(Beginning of Data for processing)

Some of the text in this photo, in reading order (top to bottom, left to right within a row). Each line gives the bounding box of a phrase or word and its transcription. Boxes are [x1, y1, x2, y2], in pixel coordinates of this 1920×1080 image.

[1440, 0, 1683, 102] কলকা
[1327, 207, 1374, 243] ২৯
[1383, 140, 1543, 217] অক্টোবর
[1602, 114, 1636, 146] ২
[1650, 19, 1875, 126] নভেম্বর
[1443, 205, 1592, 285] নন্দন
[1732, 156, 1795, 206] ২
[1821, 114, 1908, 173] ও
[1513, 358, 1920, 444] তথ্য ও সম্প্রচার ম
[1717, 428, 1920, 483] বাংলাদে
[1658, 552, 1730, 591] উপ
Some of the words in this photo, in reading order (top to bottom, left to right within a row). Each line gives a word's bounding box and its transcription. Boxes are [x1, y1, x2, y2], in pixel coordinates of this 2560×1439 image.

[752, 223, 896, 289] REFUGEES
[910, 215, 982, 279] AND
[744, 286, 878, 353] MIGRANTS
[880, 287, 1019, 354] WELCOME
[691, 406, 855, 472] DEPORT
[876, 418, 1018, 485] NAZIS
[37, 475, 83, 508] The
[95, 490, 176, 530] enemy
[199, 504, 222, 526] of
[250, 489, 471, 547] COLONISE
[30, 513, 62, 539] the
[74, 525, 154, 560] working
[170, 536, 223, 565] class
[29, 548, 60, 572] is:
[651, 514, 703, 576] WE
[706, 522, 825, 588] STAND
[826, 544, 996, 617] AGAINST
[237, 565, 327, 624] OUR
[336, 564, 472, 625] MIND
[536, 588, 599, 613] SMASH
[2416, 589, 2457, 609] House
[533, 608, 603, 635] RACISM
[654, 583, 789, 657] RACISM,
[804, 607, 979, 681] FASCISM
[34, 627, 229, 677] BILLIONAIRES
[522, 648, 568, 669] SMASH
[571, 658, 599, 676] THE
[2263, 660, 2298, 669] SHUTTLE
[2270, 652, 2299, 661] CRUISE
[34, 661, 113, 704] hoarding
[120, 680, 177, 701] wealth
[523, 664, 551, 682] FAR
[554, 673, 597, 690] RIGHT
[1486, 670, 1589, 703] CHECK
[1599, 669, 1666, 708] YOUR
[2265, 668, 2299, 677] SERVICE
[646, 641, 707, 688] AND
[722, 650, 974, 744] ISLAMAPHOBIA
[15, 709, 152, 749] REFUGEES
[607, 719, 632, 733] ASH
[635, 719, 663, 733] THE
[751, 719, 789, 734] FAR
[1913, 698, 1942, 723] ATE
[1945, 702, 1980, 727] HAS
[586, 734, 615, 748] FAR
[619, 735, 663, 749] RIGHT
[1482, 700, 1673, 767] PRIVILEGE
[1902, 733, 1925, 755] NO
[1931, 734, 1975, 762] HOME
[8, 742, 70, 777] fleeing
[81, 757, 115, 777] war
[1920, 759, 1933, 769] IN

(End of Data for processing)

• [Exercise instructions] Return each line above precisely as written.

• [Expected output]
Some of the text in this photo, in reading order (top to bottom, left to right within a row). Each line gives the bounding box of a phrase or word and its transcription. Boxes are [x1, y1, x2, y2], in pixel coordinates of this 1920×1080 image.

[1440, 0, 1683, 102] কলকা
[1327, 207, 1374, 243] ২৯
[1383, 140, 1543, 217] অক্টোবর
[1602, 114, 1636, 146] ২
[1650, 19, 1875, 126] নভেম্বর
[1443, 205, 1592, 285] নন্দন
[1732, 156, 1795, 206] ২
[1821, 114, 1908, 173] ও
[1513, 358, 1920, 444] তথ্য ও সম্প্রচার ম
[1717, 428, 1920, 483] বাংলাদে
[1658, 552, 1730, 591] উপ
Some of the words in this photo, in reading order (top to bottom, left to right within a row). Each line gives a word's bounding box and its transcription. Boxes are [x1, y1, x2, y2], in pixel coordinates of this 2560×1439 image.

[752, 223, 896, 289] REFUGEES
[910, 215, 982, 279] AND
[744, 286, 878, 353] MIGRANTS
[880, 287, 1019, 354] WELCOME
[691, 406, 855, 472] DEPORT
[876, 418, 1018, 485] NAZIS
[37, 475, 83, 508] The
[95, 490, 176, 530] enemy
[199, 504, 222, 526] of
[250, 489, 471, 547] COLONISE
[30, 513, 62, 539] the
[74, 525, 154, 560] working
[170, 536, 223, 565] class
[29, 548, 60, 572] is:
[651, 514, 703, 576] WE
[706, 522, 825, 588] STAND
[826, 544, 996, 617] AGAINST
[237, 565, 327, 624] OUR
[336, 564, 472, 625] MIND
[536, 588, 599, 613] SMASH
[2416, 589, 2457, 609] House
[533, 608, 603, 635] RACISM
[654, 583, 789, 657] RACISM,
[804, 607, 979, 681] FASCISM
[34, 627, 229, 677] BILLIONAIRES
[522, 648, 568, 669] SMASH
[571, 658, 599, 676] THE
[2263, 660, 2298, 669] SHUTTLE
[2270, 652, 2299, 661] CRUISE
[34, 661, 113, 704] hoarding
[120, 680, 177, 701] wealth
[523, 664, 551, 682] FAR
[554, 673, 597, 690] RIGHT
[1486, 670, 1589, 703] CHECK
[1599, 669, 1666, 708] YOUR
[2265, 668, 2299, 677] SERVICE
[646, 641, 707, 688] AND
[722, 650, 974, 744] ISLAMAPHOBIA
[15, 709, 152, 749] REFUGEES
[607, 719, 632, 733] ASH
[635, 719, 663, 733] THE
[751, 719, 789, 734] FAR
[1913, 698, 1942, 723] ATE
[1945, 702, 1980, 727] HAS
[586, 734, 615, 748] FAR
[619, 735, 663, 749] RIGHT
[1482, 700, 1673, 767] PRIVILEGE
[1902, 733, 1925, 755] NO
[1931, 734, 1975, 762] HOME
[8, 742, 70, 777] fleeing
[81, 757, 115, 777] war
[1920, 759, 1933, 769] IN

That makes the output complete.